How to fix 'Error(s) in loading state_dict for AWD_LSTM' when using fast-ai

1.5k views Asked by At

I am using fast-ai library in order to train a sample of the IMDB reviews dataset. My goal is to achieve sentiment analysis and I just wanted to start with a small dataset (this one contains 1000 IMDB reviews). I have trained the model in a VM by using this tutorial.

I saved the data_lm and data_clas model, then the encoder ft_enc and after that I saved the classifier learner sentiment_model. I, then, got those 4 files from the VM and put them in my machine and wanted to use those pretrained models in order to classify sentiment.

This is what I did:

# Use the IMDB_SAMPLE file
path = untar_data(URLs.IMDB_SAMPLE)

# Language model data
data_lm = TextLMDataBunch.from_csv(path, 'texts.csv')
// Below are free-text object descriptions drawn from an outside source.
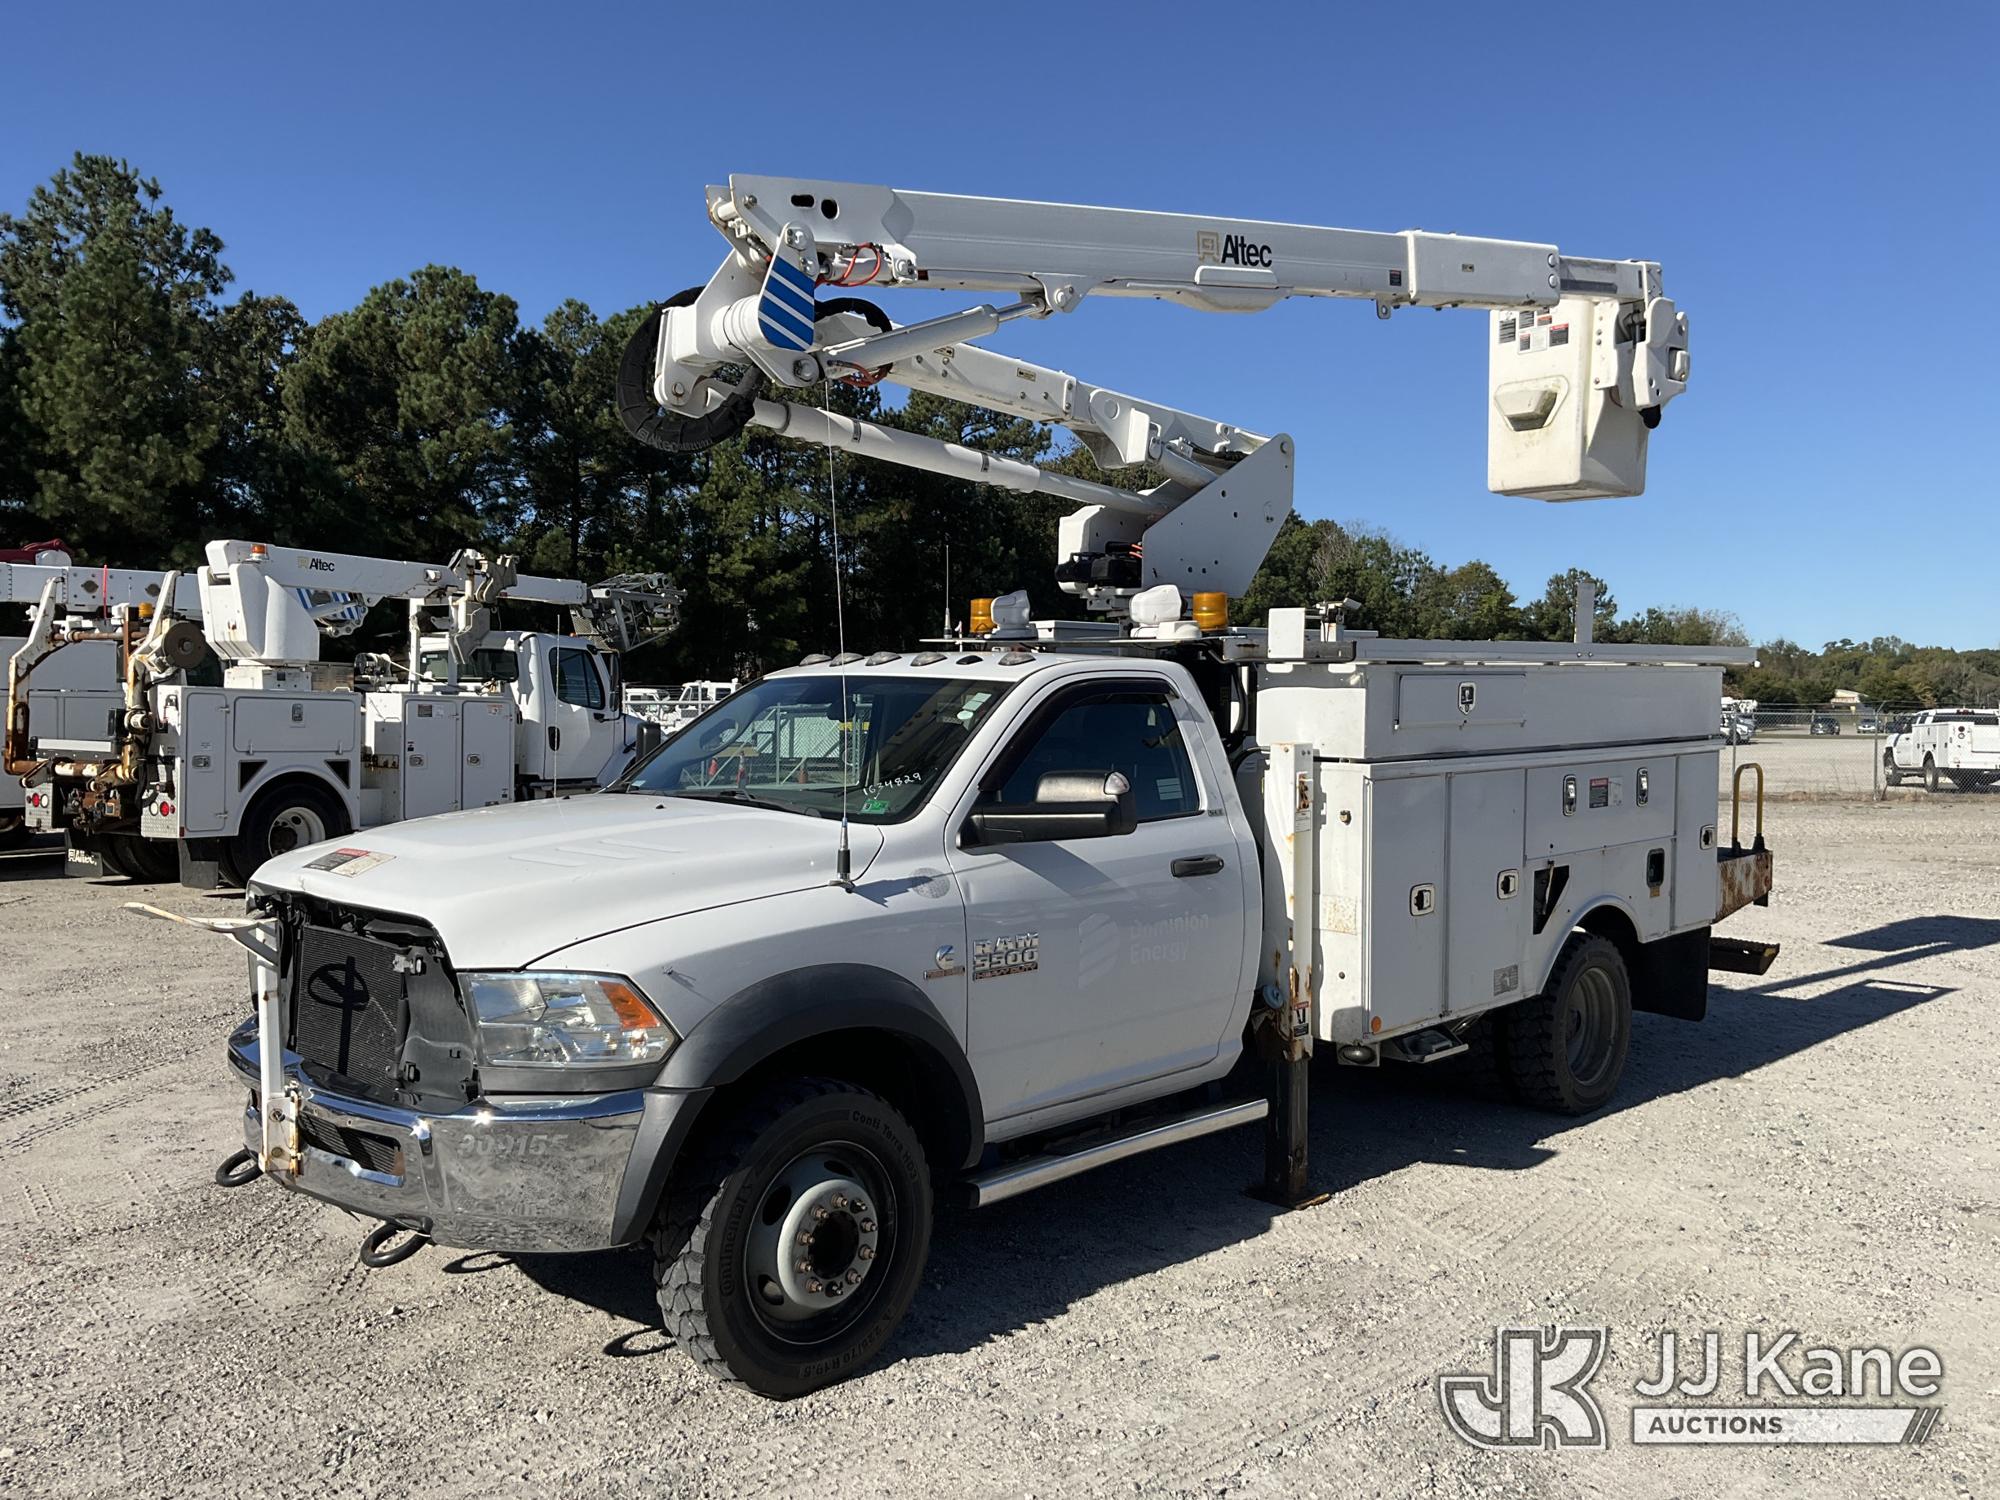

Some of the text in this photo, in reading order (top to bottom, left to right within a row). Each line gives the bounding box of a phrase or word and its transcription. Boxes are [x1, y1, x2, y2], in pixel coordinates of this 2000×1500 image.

[1221, 234, 1273, 268] Altec
[309, 557, 336, 572] Altec
[1130, 912, 1210, 939] Dominion
[973, 931, 1040, 955] RAM
[1130, 939, 1189, 965] Energy
[973, 947, 1039, 972] 5500
[852, 1110, 881, 1130] Conti
[719, 1196, 747, 1296] Continental
# Sentiment classifier model data
data_clas = TextClasDataBunch.from_csv(path, 'texts.csv', 
                                       vocab=data_lm.train_ds.vocab, bs=32)
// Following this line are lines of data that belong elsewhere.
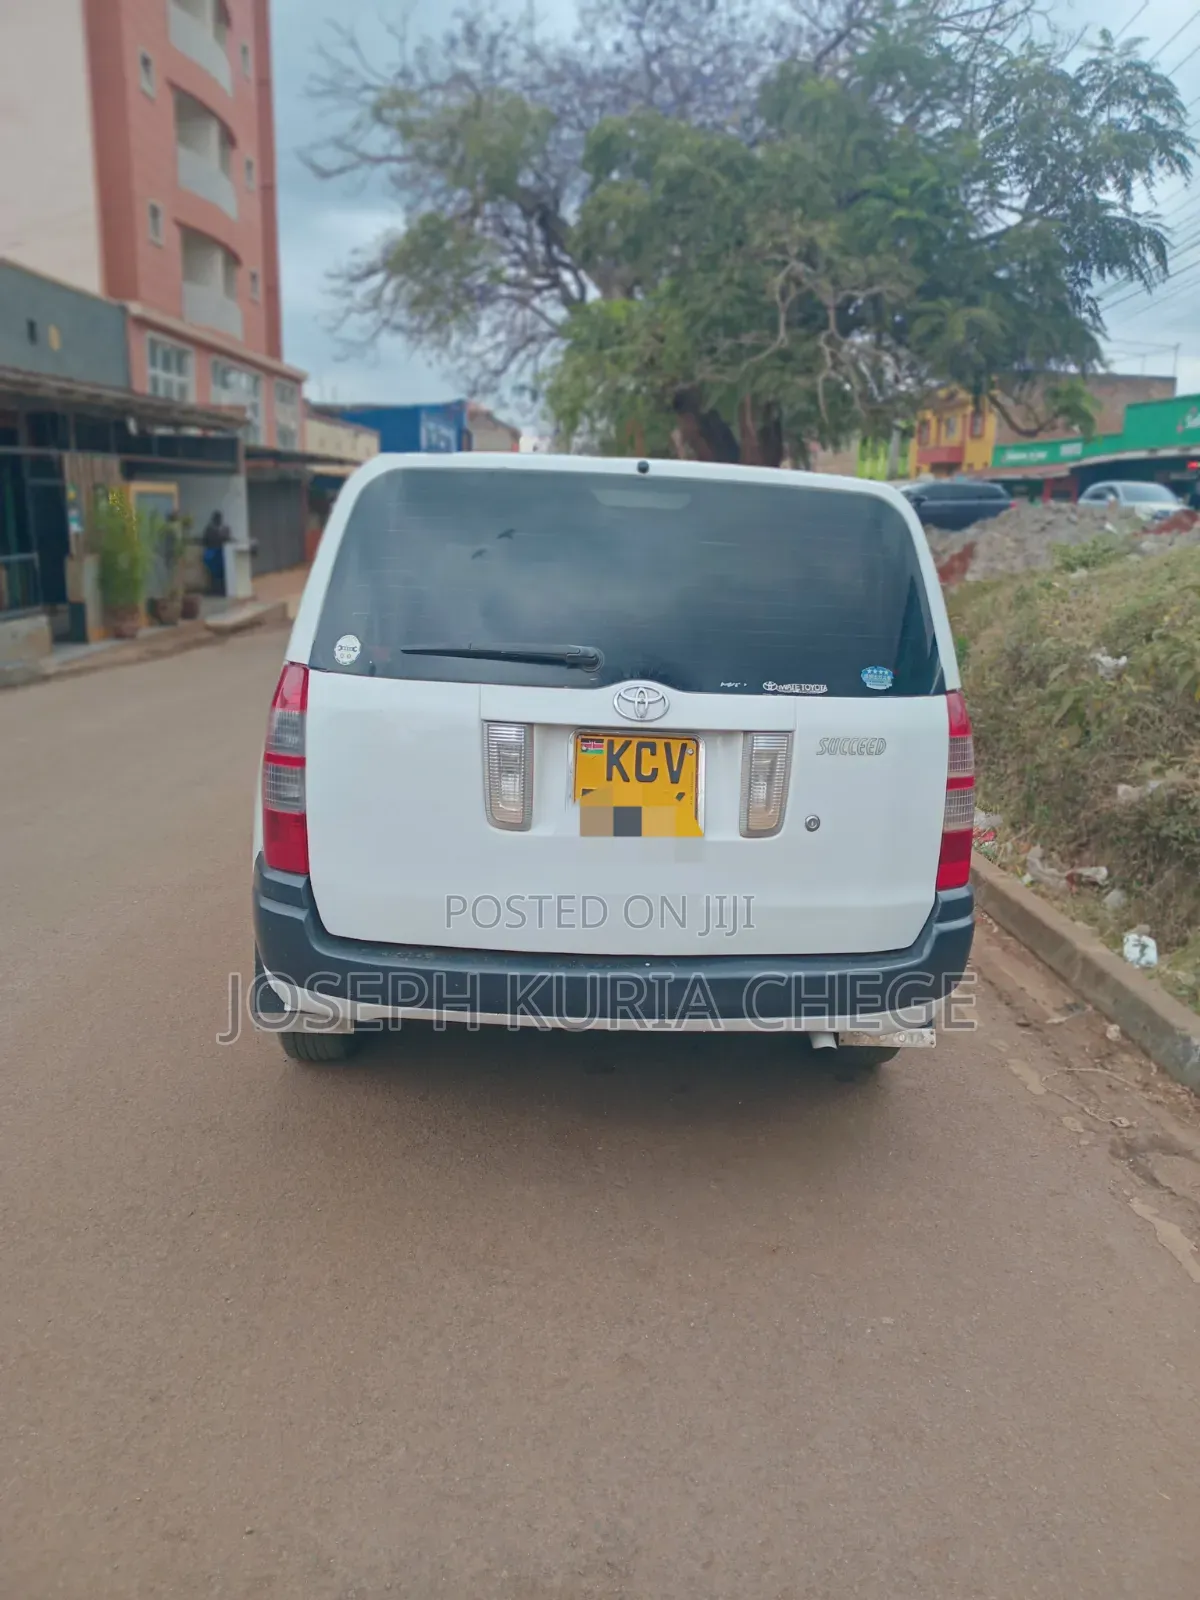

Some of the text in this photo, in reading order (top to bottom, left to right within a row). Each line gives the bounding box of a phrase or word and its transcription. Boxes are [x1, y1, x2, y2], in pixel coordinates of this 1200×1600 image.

[801, 684, 828, 692] TOYOTA
[816, 737, 887, 756] SUCCEED
[606, 739, 688, 784] KCV
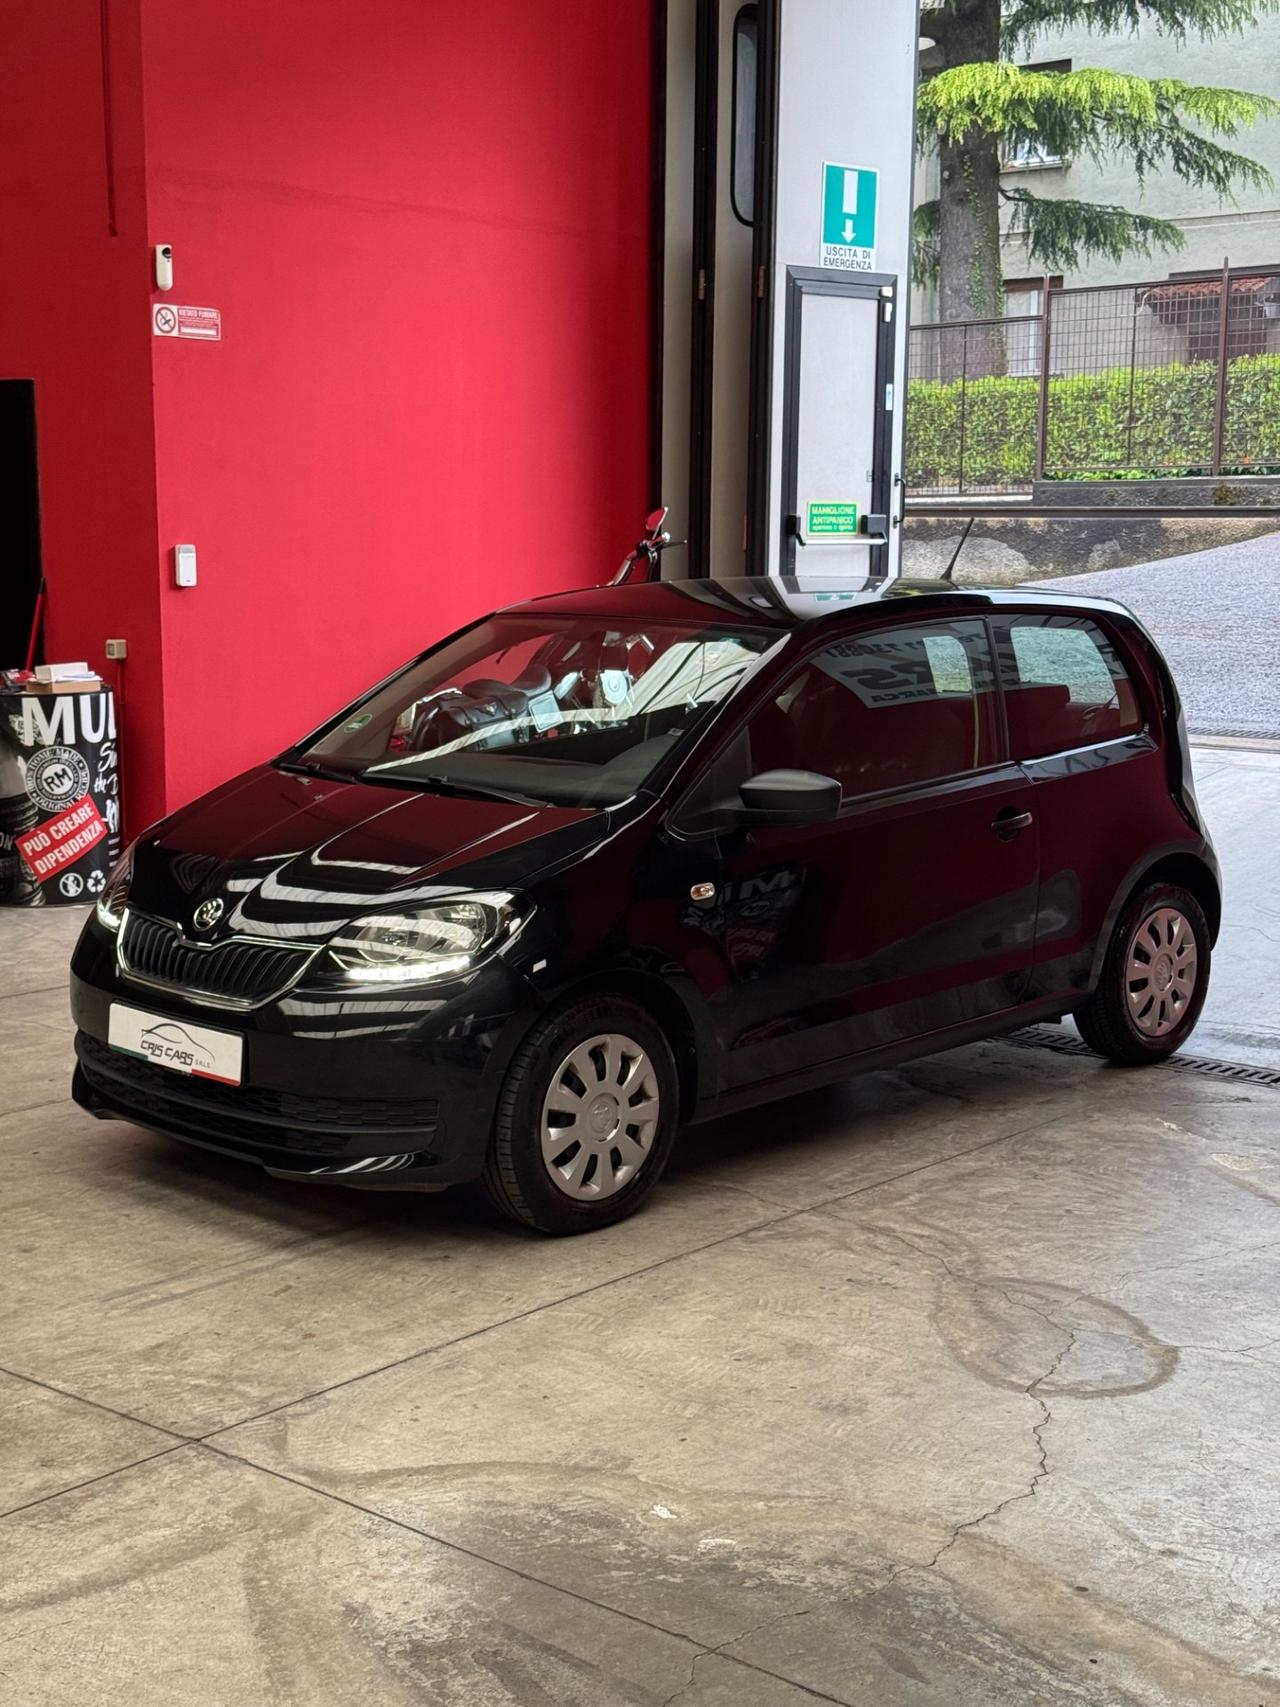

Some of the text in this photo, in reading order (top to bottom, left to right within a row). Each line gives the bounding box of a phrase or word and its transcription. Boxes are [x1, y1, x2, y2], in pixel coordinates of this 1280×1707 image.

[826, 245, 871, 259] USCITA DI
[823, 257, 872, 270] EMERGENZA
[811, 506, 855, 515] MANIGLIONE
[812, 516, 854, 525] ANTIPANICO
[43, 767, 73, 792] RM
[23, 801, 95, 856] PUÒ CREARE
[34, 820, 103, 874] DIPENDENZA
[140, 1040, 164, 1058] CRIS
[164, 1047, 195, 1066] CARS
# Build a classifier using the tuned encoder (tuned in the VM)
learn = text_classifier_learner(data_clas, AWD_LSTM, drop_mult=0.5)
learn.load_encoder('ft_enc')

# Load the trained model
learn.load('sentiment_model')

After that, I wanted to use that model in order to predict the sentiment of a sentence. When executing this code, I ran into the following error:

RuntimeError: Error(s) in loading state_dict for AWD_LSTM:
   size mismatch for encoder.weight: copying a param with shape torch.Size([8731, 400]) from checkpoint, the shape in current model is torch.Size([8888, 400]).
   size mismatch for encoder_dp.emb.weight: copying a param with shape torch.Size([8731, 400]) from checkpoint, the shape in current model is torch.Size([8888, 400]). 

And the Traceback is:

Traceback (most recent call last):
  File "C:/Users/user/PycharmProjects/SentAn/mainApp.py", line 51, in <module>
    learn = load_models()
  File "C:/Users/user/PycharmProjects/SentAn/mainApp.py", line 32, in load_models
    learn.load_encoder('ft_enc')
  File "C:\Users\user\Desktop\py_code\env\lib\site-packages\fastai\text\learner.py", line 68, in load_encoder
    encoder.load_state_dict(torch.load(self.path/self.model_dir/f'{name}.pth'))
  File "C:\Users\user\Desktop\py_code\env\lib\site-packages\torch\nn\modules\module.py", line 769, in load_state_dict
    self.__class__.__name__, "\n\t".join(error_msgs)))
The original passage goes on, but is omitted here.